Court takes over collection for parking tickets
By Ed Runyan
Spotty payment drives the municipal court to take over collection of fines from tickets.
WARREN — Starting today, the city will get more serious about parking tickets.
This is the date when Warren Municipal Court takes over responsibility for collecting payments for parking tickets. A Michigan company handled collections before.
Margaret Scott, clerk of courts, said the change will mean serious consequences for those who ignore parking tickets.
“I’ve got the hammer to do it,” Scott said of the court.
City council approved legislation in July to make parking tickets a civil liability instead of a criminal offense.

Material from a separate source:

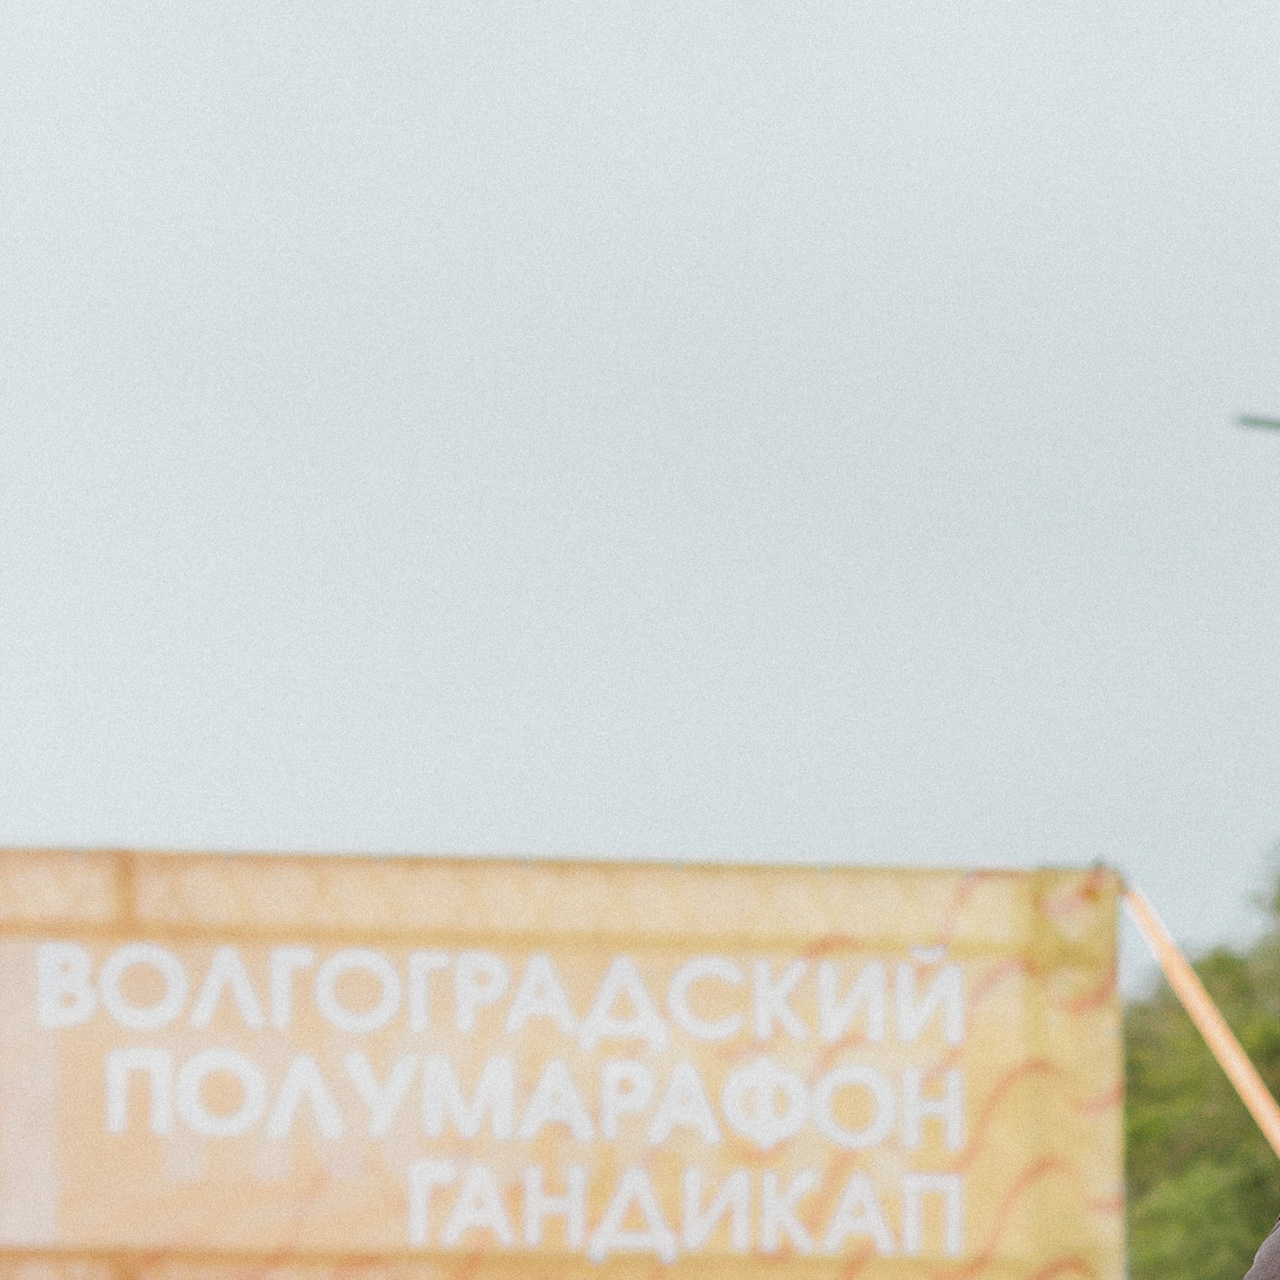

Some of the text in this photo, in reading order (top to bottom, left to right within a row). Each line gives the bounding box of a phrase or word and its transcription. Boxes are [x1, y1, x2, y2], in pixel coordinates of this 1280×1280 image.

[37, 942, 964, 1053] ВОЛГОГРАДСКИЙ
[105, 1048, 964, 1150] ПОЛУМАРАФОН
[408, 1159, 964, 1264] ГАНДИКАП

That allows the city to place a notification on the offender’s driver’s license registration that would prevent him or her from renewing or transferring his vehicle registration without first paying the parking fees.
But even before that, the clerk of courts will turn over the offender to the city’s collection agent, which has succeeded in collecting other debts in the past, Scott said.

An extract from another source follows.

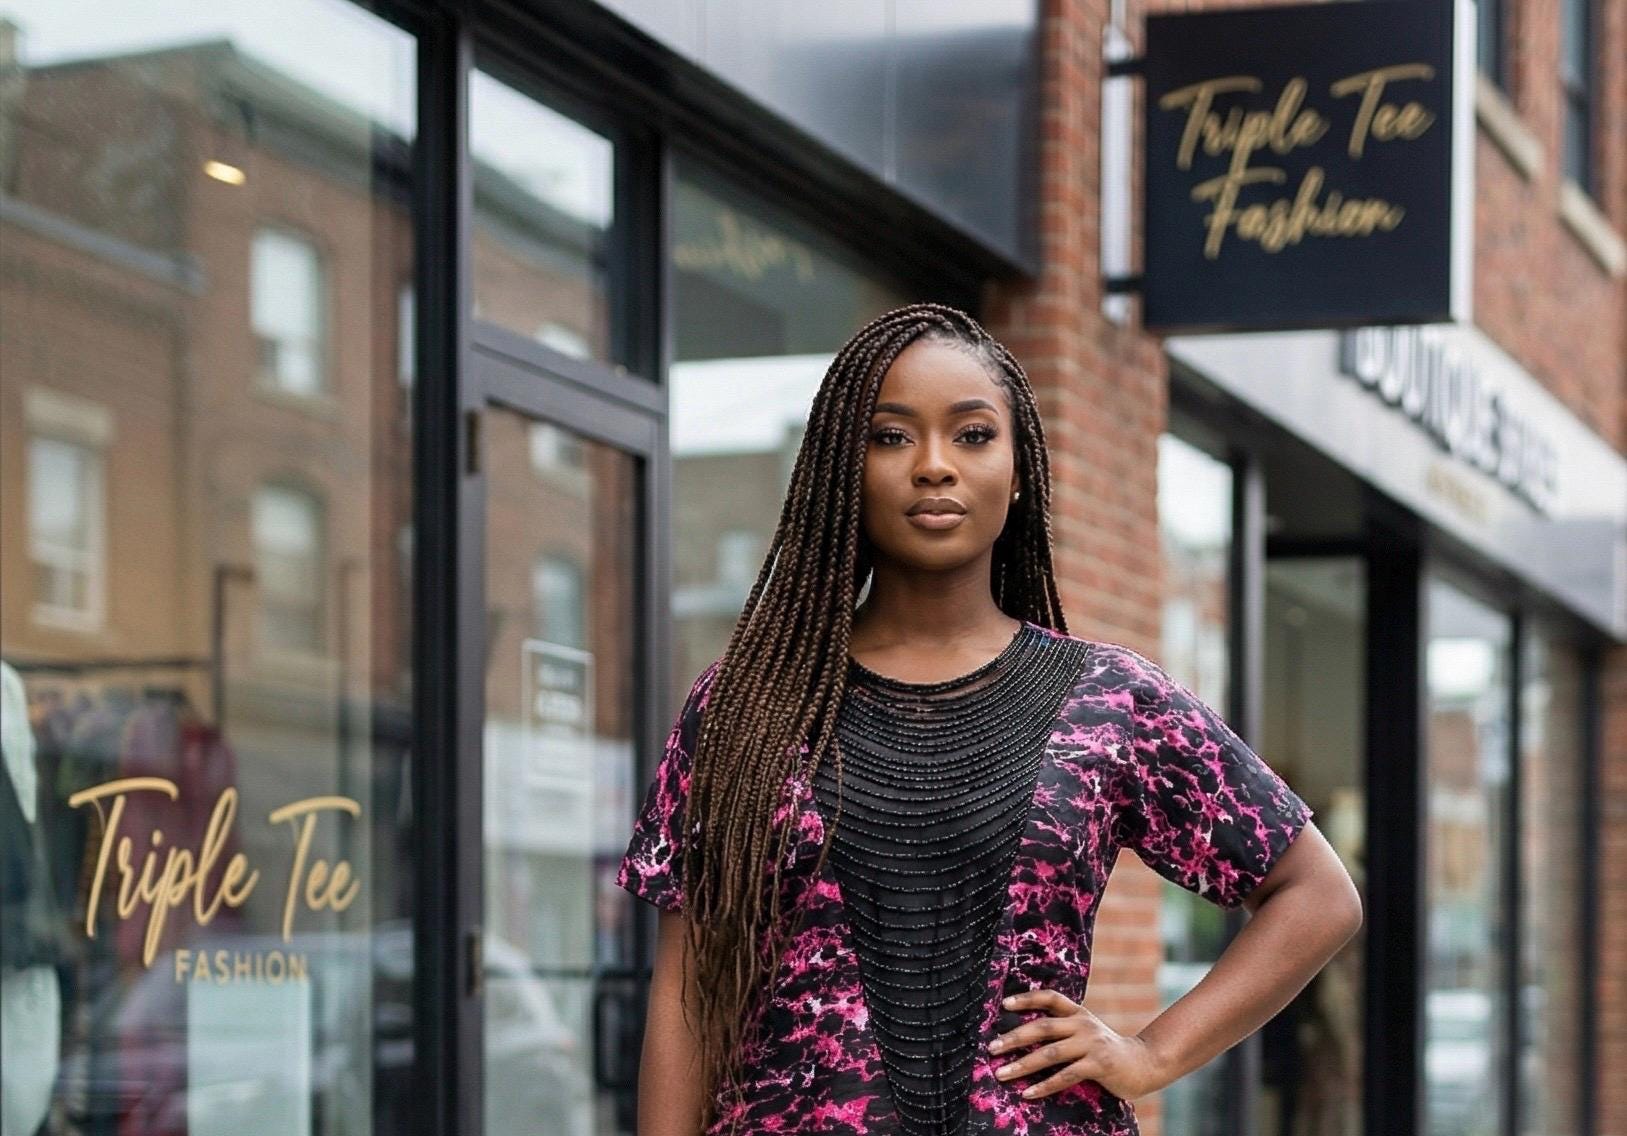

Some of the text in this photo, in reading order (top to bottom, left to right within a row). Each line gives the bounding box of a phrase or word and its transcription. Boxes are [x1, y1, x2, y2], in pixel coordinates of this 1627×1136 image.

[1160, 63, 1436, 178] Triple Tee
[1191, 166, 1404, 260] Fashion
[68, 776, 361, 968] Triple Tee
[174, 948, 309, 986] FASHION

“If one doesn’t get your attention, the other will,” Scott said of collections and vehicle registration.
The city made the change because the former method of collecting parking fees wasn’t working. The former method involved a criminal offense, requiring the city to cite the alleged offender into court within 30 days. That method was expensive and difficult, officials said.
As a result, many were not paying fines.
Scott said she expects the new method to increase revenue collected by the court.

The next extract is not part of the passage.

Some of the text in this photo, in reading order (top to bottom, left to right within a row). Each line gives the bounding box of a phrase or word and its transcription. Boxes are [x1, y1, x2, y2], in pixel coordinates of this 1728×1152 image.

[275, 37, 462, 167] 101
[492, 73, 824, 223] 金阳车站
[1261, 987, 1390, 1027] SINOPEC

Mayor Michael O’Brien expects the new method to improve compliance with parking laws, free up parking spaces and be more convenient for offenders.
The city provides many downtown parking spaces for free for two hours to encourage business. But the city has found that many of the spaces were being used by downtown employees instead.
O’Brien first proposed the change from a criminal to a civil parking ticket more than 18 months ago.
Under the old system, parking tickets were $7, with a $15 late fee. The new parking ticket will cost $10, and failing to pay it in 10 days will add $15 more.
An additional 30 percent fee will be charged if the ticket is turned over to collection, Scott said.
The vehicle can be impounded or immobilized, with the cost of immobilization or storage charged to the owner, if a vehicle receives three or more parking infractions, Scott said.
The motor vehicle registration “hold” (preventing registration or transfer) can only occur after three or more offenses, officials said.
City officials have records of parking tickets dating back to 1999, but Scott said there are no plans at this time for the court to collect old parking tickets, only those that occur starting today.
Court costs are also rising effective today.
Scott said it is the first increase in court costs since 2003, and she analyzed fees charged at other similarly sized courts in Ohio to arrive at the new rates. The new structure puts Warren Municipal Court better in line with what other two-judge courts are charging, she said.